I don’t say it’s not risky. The question is more, what’s the difference between doing philosophy and other intellectual tasks.
Here’s one way to look at it that just occurred to me. In domains with feedback, like science or just doing real world stuff in general, we learn some heuristics. Then we try to apply these heuristics to the stuff of our mind, and sometimes it works but more often it fails. And then doing good philosophy means having a good set of heuristics from outside of philosophy, and good instincts when to apply them or not. And some luck, in that some heuristics will happen to generalize to the stuff of our mind, but others won’t.
If this is a true picture, then running far ahead with philosophy is just inherently risky.

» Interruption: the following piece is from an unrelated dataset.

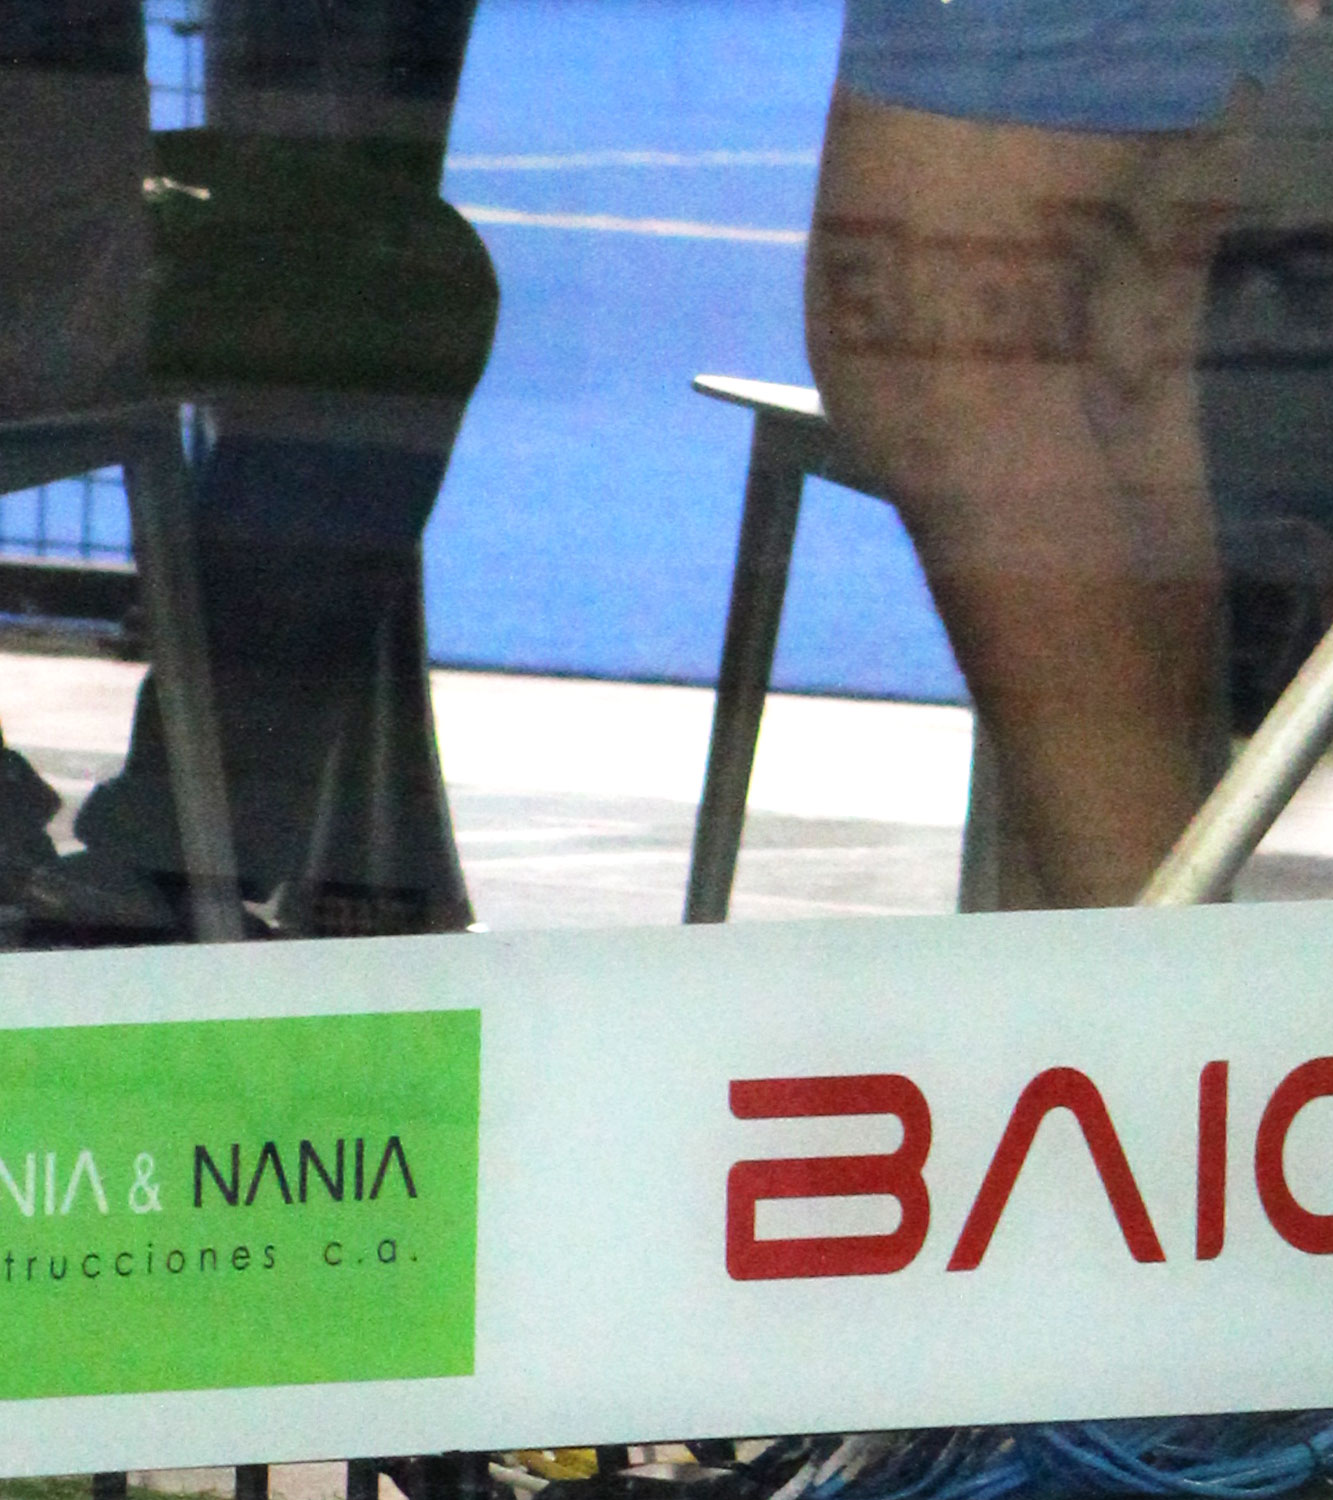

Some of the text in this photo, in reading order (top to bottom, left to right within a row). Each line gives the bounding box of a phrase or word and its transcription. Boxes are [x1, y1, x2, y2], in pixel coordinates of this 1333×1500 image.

[128, 1151, 163, 1215] &
[193, 1135, 418, 1209] NANIA
[323, 1237, 419, 1267] c.a.
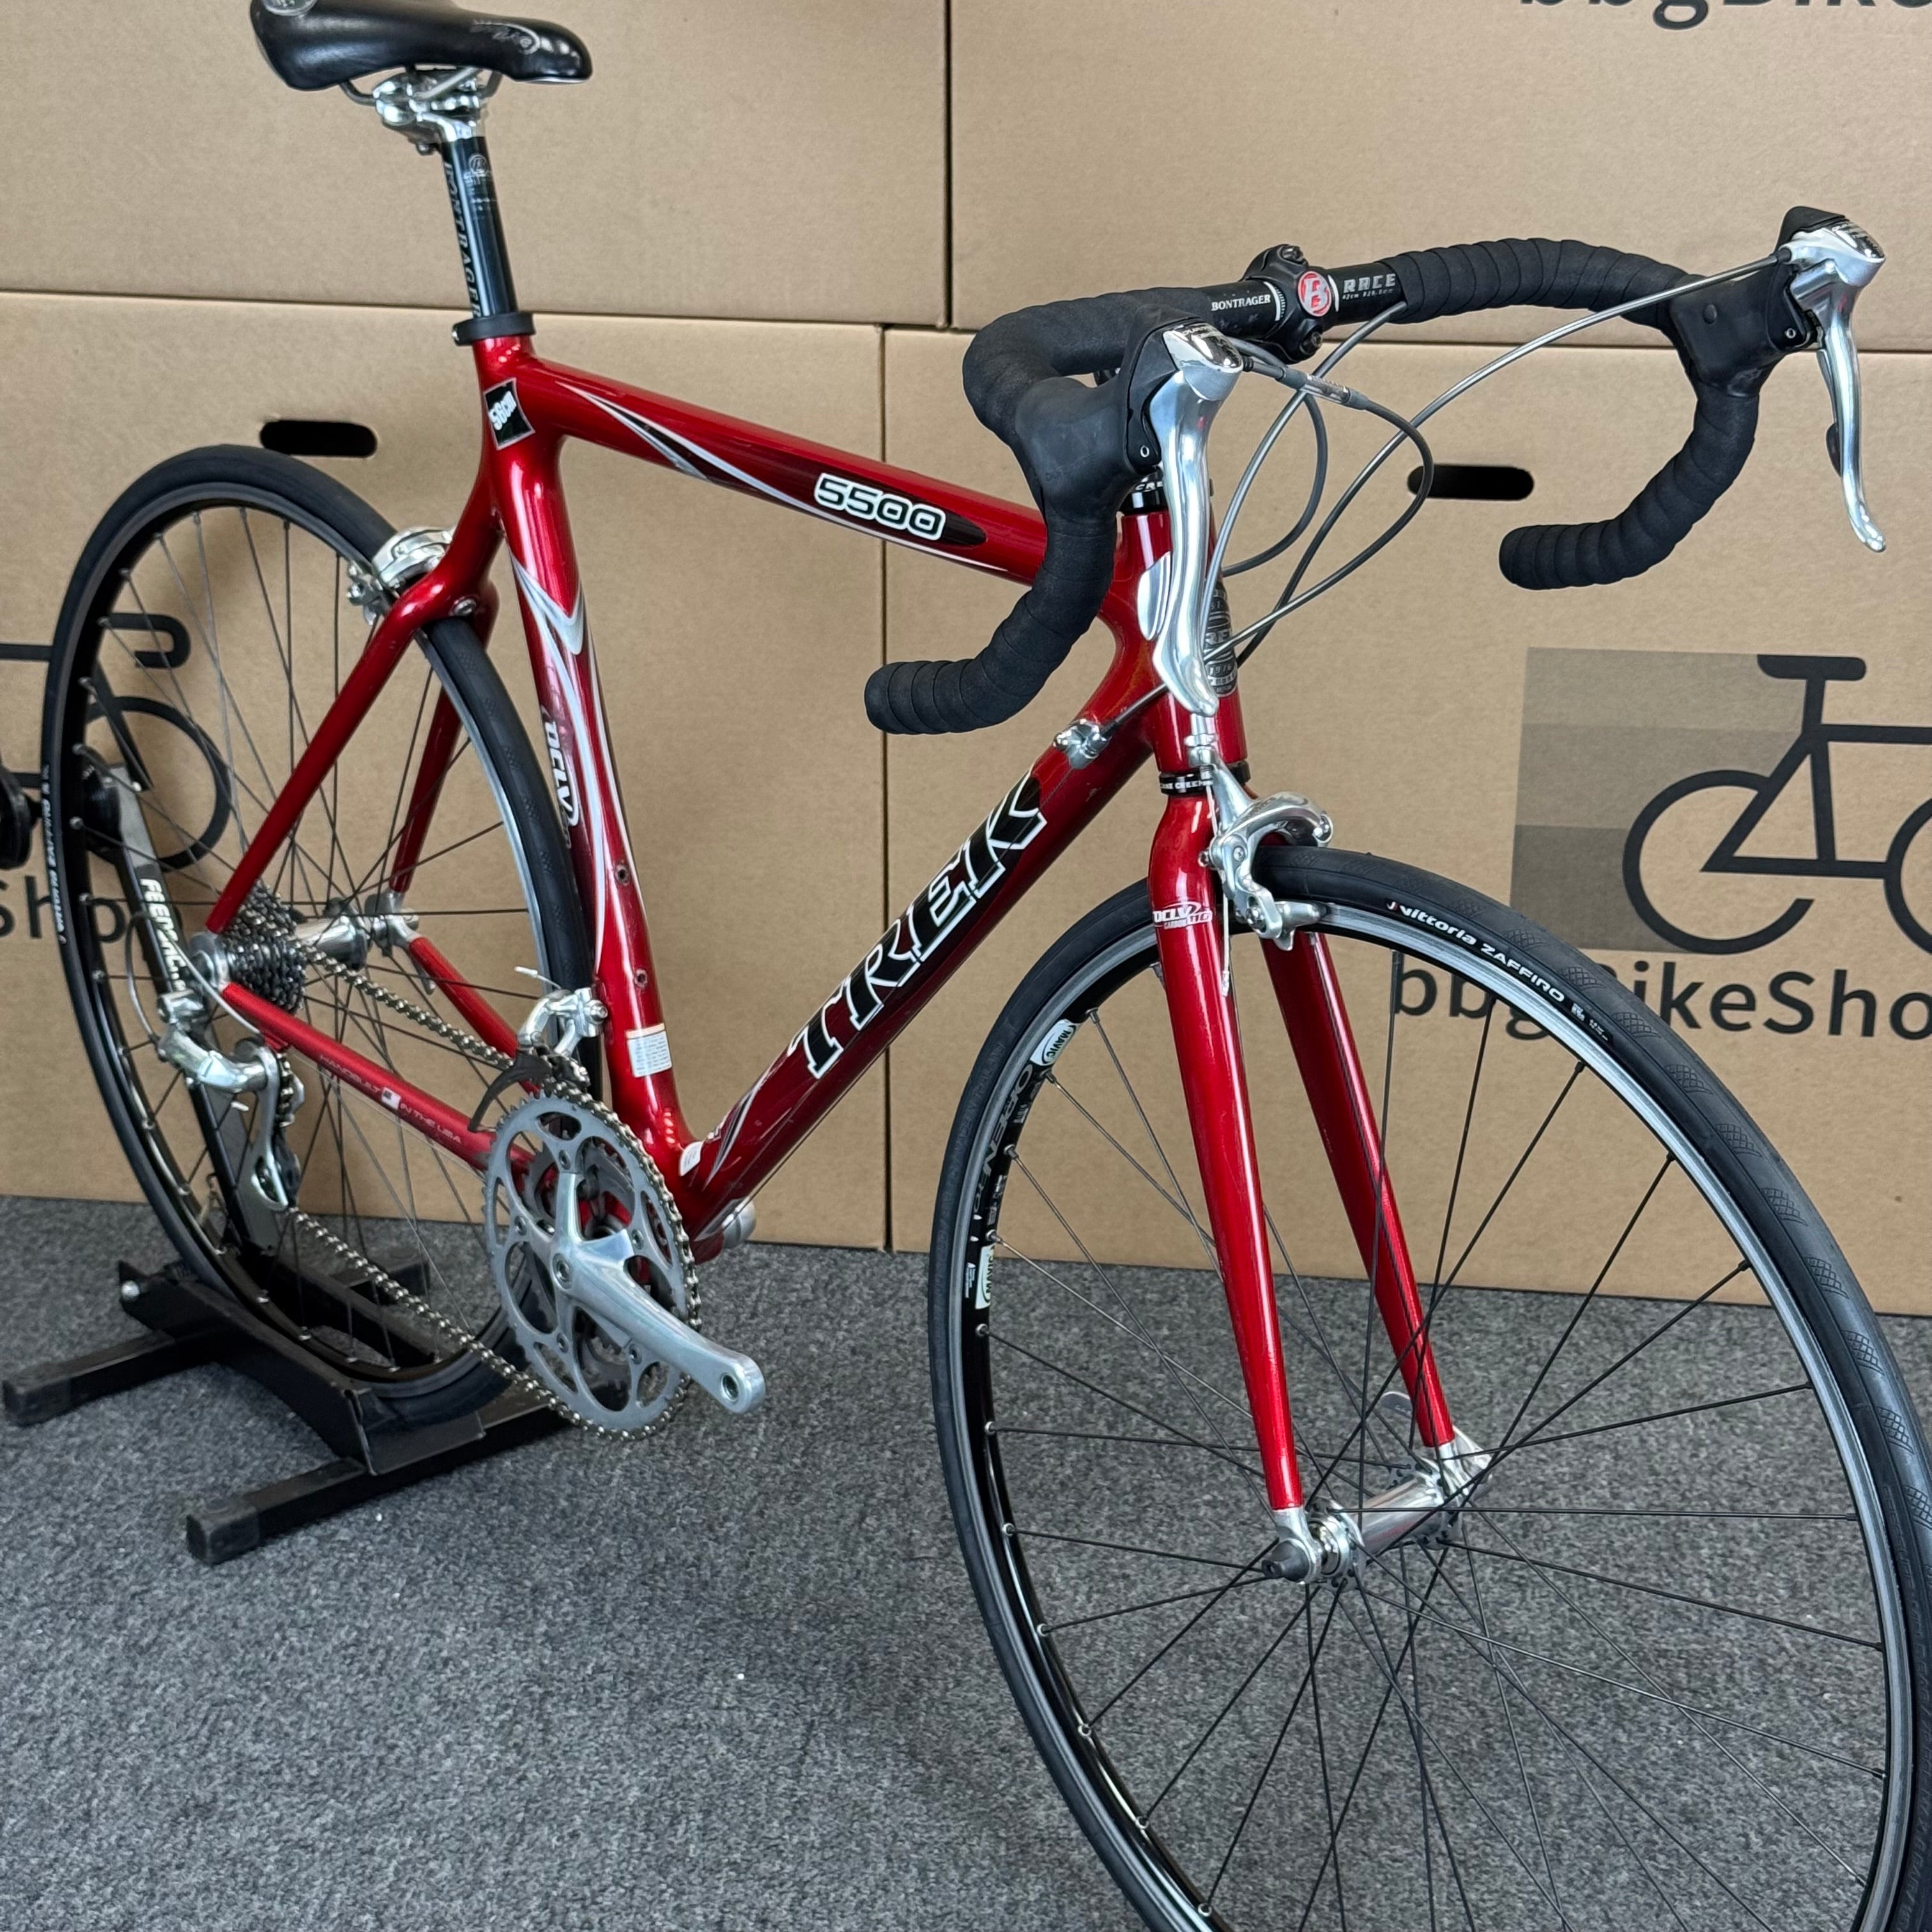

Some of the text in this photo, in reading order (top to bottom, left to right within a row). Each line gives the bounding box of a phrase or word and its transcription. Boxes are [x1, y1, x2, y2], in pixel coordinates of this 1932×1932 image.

The further you step away from heuristics that have been tested in reality, and their area of applicability, the bigger your error will be.
Does this make sense?
Do you have any examples that could illustrate your theory?
It doesn’t seem to fit my own experience. I became interested in Bayesian probability, universal prior, Tegmark multiverse, and anthropic reasoning during college, and started thinking about decision theory and ideas that ultimately led to UDT, but what heuristics could I have been applying, learned from what “domains with feedback”?

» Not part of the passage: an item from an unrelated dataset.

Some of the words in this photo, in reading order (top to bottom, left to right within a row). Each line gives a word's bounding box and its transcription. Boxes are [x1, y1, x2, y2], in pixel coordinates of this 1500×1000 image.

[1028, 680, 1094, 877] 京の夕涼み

Maybe I used a heuristic like “computer science is cool, lets try to apply it to philosophical problems” but if the heuristics are this coarse grained, it doesn’t seem like the idea can explain how detailed philosophical reasoning happens, or be used to ensure AI philosophical competence?

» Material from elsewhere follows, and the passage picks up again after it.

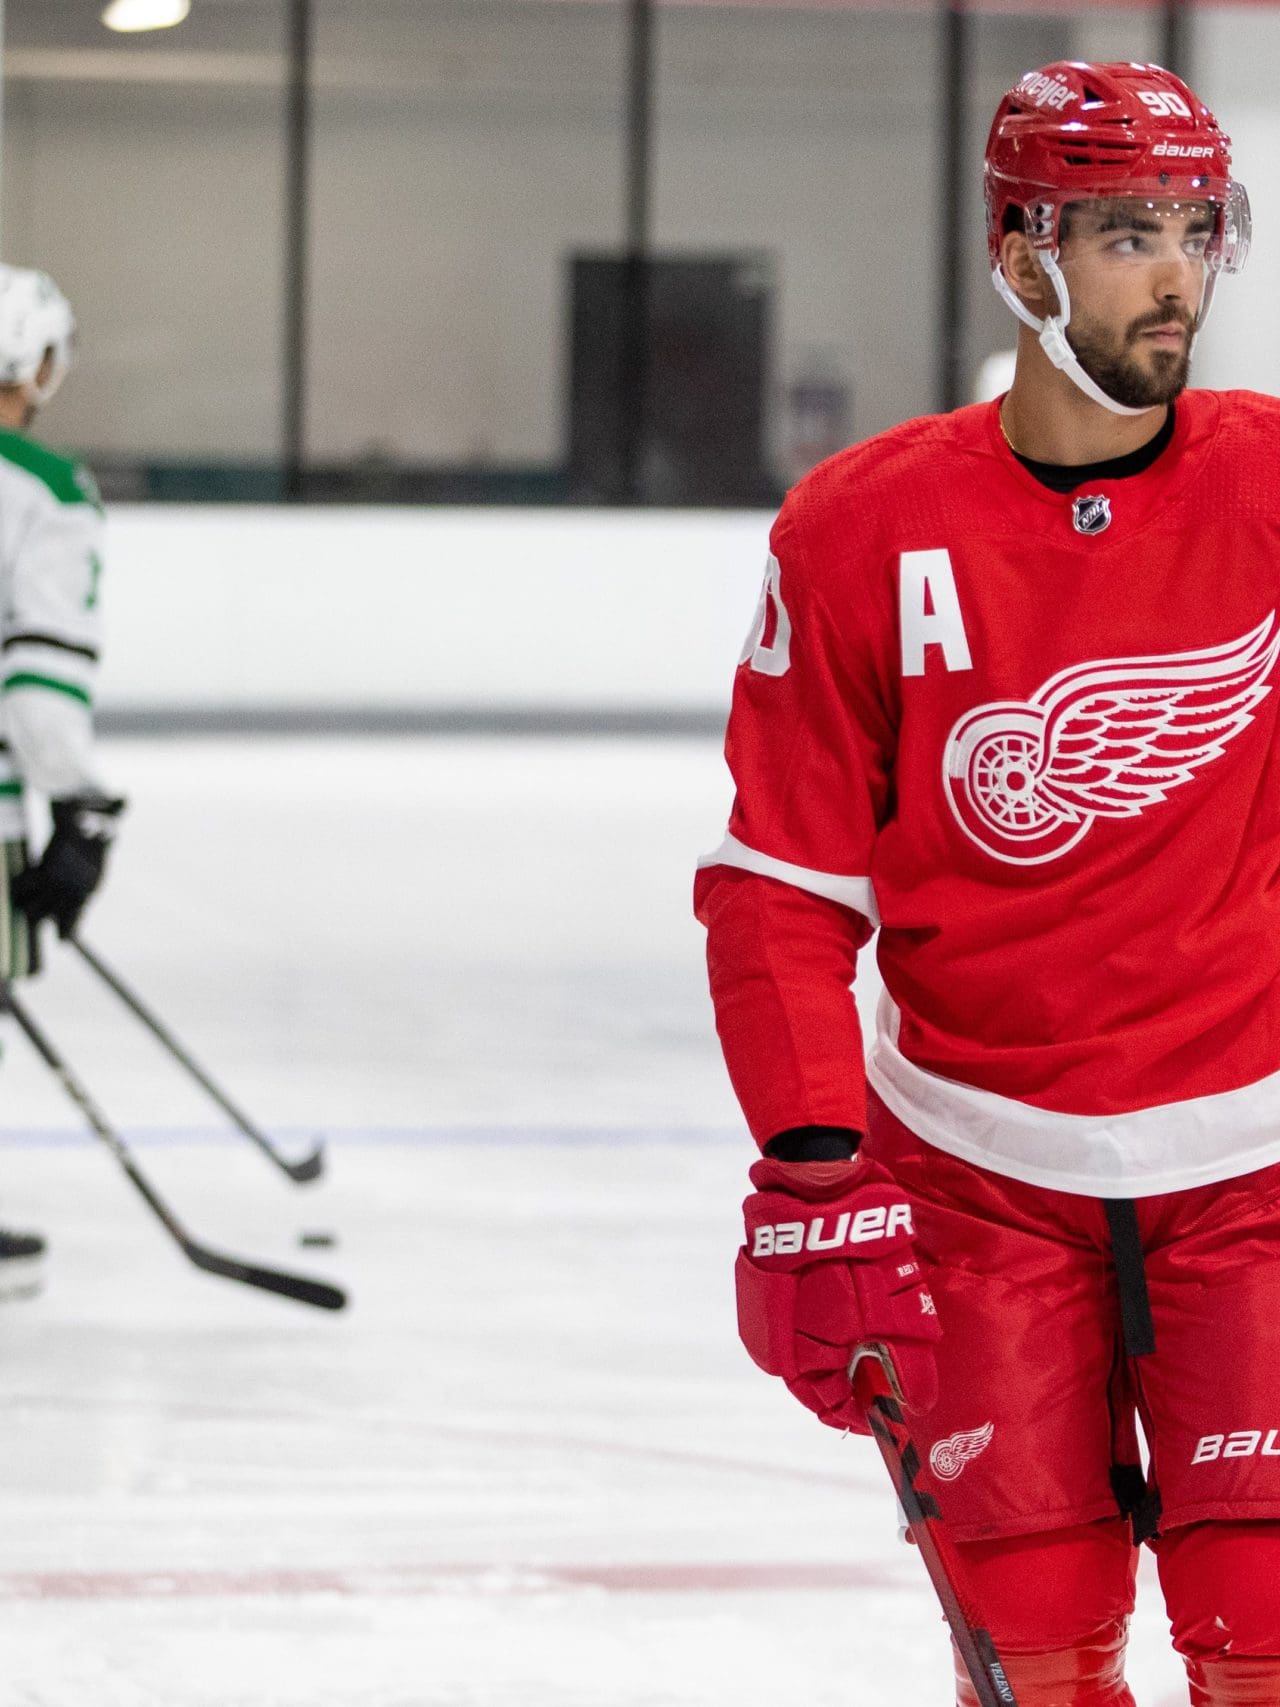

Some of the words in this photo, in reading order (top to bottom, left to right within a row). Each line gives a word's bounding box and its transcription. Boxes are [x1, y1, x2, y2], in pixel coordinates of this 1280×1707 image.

Maybe one example is the idea of Dutch book. It comes originally from real world situations (sport betting and so on) and then we apply it to rationality in the abstract.
Or another example, much older, is how Socrates used analogy. It was one of his favorite tools I think. When talking about some confusing thing, he’d draw an analogy with something closer to experience. For example, “Is the nature of virtue different for men and for women?”—“Well, the nature of strength isn’t that much different between men and women, likewise the nature of health, so maybe virtue works the same way.” Obviously this way of reasoning can easily go wrong, but I think it’s also pretty indicative of how people do philosophy.
Can’t all of these concerns be reduced to a subset of the intent-alignment problem? If I tell the AI to “maximize ethical goodness” and it instead decides to “implement plans that sound maximally good to the user” or “maximize my current guess of what the user meant by ethical goodness according to my possibly-bad philosophy,” that is different from what I intended, and thus the AI is unaligned.
If the AI starts off with some bad philosophy ideas just because it’s relatively unskilled in philosophy vs science, we can expect that 1) it will try very hard to get better at philosophy so that it can understand “what did the user mean by ‘maximize ethical goodness,’” and 2) it will try to preserve option value in the meantime so not much will be lost if its first guess was wrong. This assumes some base level of competence on the AI’s part, but if it can do groundbreaking science research, surely it can think of those two things (or we just tell it).